In [52]:
from typing import Tuple, List, Dict, Any
from rdkit import Chem
from rdkit.Chem import AllChem
from rdkit.Chem import SaltRemover, GetFormalCharge
import selfies as sf
from math import ceil, log2
import csv
import json
import pickle
import numpy as np
import pandas as pd
import math
from chembl_webresource_client.new_client import new_client

In [2]:
# Using the ChEMBL API to get the molecules dataset
molecule = new_client.molecule

# Filter for drug-like small molecules interesting for human use
druglike_molecules = molecule.filter(
    molecule_properties__heavy_atoms__lte=15,           # Heavy atoms less than 15
    molecule_properties__alogp__lte=5,                  # LogP less than 5 (Lipophilicity and membrane permeability)
    molecule_properties__mw_freebase__lte=300,          # Molecular weight less than 300 g/mol
    molecule_properties__qed_weighted__gte=0.5,         # QED weighted greater than 0.5 (Drug-likeness)
    molecule_properties__num_ro5_violations__lte=1,     # At most 1 Rule of 5 violation (Drug-likeness filter)

)

print("Training molecules set: ", len(druglike_molecules))  # Check how many molecules match the filter criteria

Training molecules set:  65778


In [55]:
# --- Set up filters ---
remover = SaltRemover.SaltRemover()

# --- Use a larger, cleaner subset ---
molecules_subset = druglike_molecules[:10000]

MAX_LEN = 0
alphabet = set()
valid_molecules_for_training = [] 
total_processed = 0
charged_skipped = 0
selfies_error_skipped = 0
mixture_skipped = 0

print(f"Starting with {len(molecules_subset)} molecules...")

for mol_data in molecules_subset:
    total_processed += 1
    smiles = mol_data.get('molecule_structures', {}).get('canonical_smiles')
    if not smiles:
        continue
        
    rdkit_mol = Chem.MolFromSmiles(smiles)
    if rdkit_mol is None:
        continue

    # Remove salts (counter-ions)
    neutral_mol = remover.StripMol(rdkit_mol)
    
    # Check every atom for formal charge (filters zwitterions)
    has_charge = False
    for atom in neutral_mol.GetAtoms():
        if atom.GetFormalCharge() != 0:
            has_charge = True
            break # Found a charged atom
    if has_charge:
        charged_skipped += 1
        continue # Skip this zwitterion/charged molecule

    # Remove ALL stereochemistry
    cleaned_smiles = Chem.MolToSmiles(neutral_mol, isomericSmiles=False)
    
    if not cleaned_smiles:
        continue
        
    try:
        selfies = sf.encoder(cleaned_smiles)
    except sf.EncoderError:
        # Skip molecules with exotic valency (like hypervalent Iodine)
        selfies_error_skipped += 1
        continue 
    
    if selfies:
        # Final check for mixtures
        if "." in selfies:
            mixture_skipped += 1
            continue # Skip any remaining molecules with '.'
            
        tokens = list(sf.split_selfies(selfies))
        if MAX_LEN < len(tokens):
            MAX_LEN = len(tokens)
        alphabet.update(tokens)
        
        # This one is good!
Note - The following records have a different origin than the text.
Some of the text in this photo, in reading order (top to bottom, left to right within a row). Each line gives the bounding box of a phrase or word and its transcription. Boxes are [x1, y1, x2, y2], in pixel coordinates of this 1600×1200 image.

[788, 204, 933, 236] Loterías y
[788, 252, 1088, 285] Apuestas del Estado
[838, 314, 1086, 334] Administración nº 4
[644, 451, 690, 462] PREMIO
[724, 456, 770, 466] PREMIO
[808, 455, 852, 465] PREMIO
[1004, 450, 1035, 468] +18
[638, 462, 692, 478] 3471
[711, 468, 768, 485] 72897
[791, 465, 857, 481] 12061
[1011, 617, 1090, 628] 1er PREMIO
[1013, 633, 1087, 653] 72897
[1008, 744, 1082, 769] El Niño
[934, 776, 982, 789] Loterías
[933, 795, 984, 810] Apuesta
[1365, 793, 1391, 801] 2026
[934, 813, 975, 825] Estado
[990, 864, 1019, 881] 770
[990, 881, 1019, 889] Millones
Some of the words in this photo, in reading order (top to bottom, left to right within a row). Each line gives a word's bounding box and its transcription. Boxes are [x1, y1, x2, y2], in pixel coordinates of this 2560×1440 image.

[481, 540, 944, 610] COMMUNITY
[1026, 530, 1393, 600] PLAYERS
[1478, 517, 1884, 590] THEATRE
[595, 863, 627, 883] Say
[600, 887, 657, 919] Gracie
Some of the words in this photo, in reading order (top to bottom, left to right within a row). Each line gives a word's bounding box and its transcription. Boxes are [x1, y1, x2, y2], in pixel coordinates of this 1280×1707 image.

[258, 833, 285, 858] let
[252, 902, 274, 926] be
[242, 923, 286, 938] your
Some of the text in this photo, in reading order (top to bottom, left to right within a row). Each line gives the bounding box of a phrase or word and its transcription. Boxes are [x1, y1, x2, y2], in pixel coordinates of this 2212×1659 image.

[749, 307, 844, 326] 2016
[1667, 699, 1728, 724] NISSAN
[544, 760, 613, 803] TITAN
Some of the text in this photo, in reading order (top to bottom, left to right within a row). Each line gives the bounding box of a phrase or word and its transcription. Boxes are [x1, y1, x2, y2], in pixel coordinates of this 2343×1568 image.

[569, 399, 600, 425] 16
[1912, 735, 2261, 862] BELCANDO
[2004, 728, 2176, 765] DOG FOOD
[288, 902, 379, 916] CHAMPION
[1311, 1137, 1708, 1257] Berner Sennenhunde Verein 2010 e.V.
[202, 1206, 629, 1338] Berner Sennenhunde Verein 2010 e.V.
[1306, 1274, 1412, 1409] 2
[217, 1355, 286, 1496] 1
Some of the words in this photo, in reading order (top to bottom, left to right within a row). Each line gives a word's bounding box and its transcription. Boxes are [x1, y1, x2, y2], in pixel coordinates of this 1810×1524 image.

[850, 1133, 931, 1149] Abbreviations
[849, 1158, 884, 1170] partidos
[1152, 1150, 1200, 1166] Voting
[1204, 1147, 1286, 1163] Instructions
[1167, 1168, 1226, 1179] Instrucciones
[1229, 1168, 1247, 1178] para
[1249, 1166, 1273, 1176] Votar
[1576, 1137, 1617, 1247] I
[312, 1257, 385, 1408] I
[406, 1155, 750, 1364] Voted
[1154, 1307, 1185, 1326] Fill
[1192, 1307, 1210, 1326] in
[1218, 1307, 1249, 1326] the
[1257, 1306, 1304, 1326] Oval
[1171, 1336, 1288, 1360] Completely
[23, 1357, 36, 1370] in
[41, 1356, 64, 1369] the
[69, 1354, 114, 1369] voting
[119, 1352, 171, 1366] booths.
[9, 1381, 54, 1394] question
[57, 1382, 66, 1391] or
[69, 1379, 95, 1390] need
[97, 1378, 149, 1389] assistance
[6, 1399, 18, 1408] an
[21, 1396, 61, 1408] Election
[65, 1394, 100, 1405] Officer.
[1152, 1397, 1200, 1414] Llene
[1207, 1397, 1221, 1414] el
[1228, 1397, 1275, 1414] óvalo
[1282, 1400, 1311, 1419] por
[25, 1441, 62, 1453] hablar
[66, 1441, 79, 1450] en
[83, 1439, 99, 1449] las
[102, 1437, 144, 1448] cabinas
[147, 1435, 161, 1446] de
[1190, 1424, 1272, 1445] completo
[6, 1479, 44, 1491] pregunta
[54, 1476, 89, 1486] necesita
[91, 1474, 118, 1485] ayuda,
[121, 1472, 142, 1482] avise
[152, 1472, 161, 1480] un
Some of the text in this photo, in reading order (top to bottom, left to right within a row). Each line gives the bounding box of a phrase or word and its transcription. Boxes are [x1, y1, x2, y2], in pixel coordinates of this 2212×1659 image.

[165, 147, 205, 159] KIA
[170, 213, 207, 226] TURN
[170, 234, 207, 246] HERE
Store it.
        valid_molecules_for_training.append((mol_data, cleaned_smiles, selfies, tokens))

# Build Final Alphabet ---
alphabet = sorted(list(alphabet))
alphabet = ['<SOS>'] + alphabet + ['<EOS>'] + ['<PAD>']

VOCABULARY_SIZE = len(alphabet)
BITS_PER_TOKEN = ceil(log2(VOCABULARY_SIZE))
MAX_LEN += 2  # For <SOS> and <EOS>

print(f"\n--- Filtering Stats ---")
print(f"Total molecules processed: {total_processed}")
print(f"Skipped (charged/zwitterion): {charged_skipped}")
print(f"Skipped (selfies valency error): {selfies_error_skipped}")
print(f"Skipped (mixture/'.'): {mixture_skipped}")
print(f"Kept for training: {len(valid_molecules_for_training)}")

print(f"\n--- Final Results ---")
print(f"Final Alphabet of SELFIES characters: {alphabet}")
print(f"Total unique characters in SELFIES: {VOCABULARY_SIZE}")
print(f"Maximum length of SELFIES in dataset: {MAX_LEN}")
print(f"Bits per token: {BITS_PER_TOKEN}")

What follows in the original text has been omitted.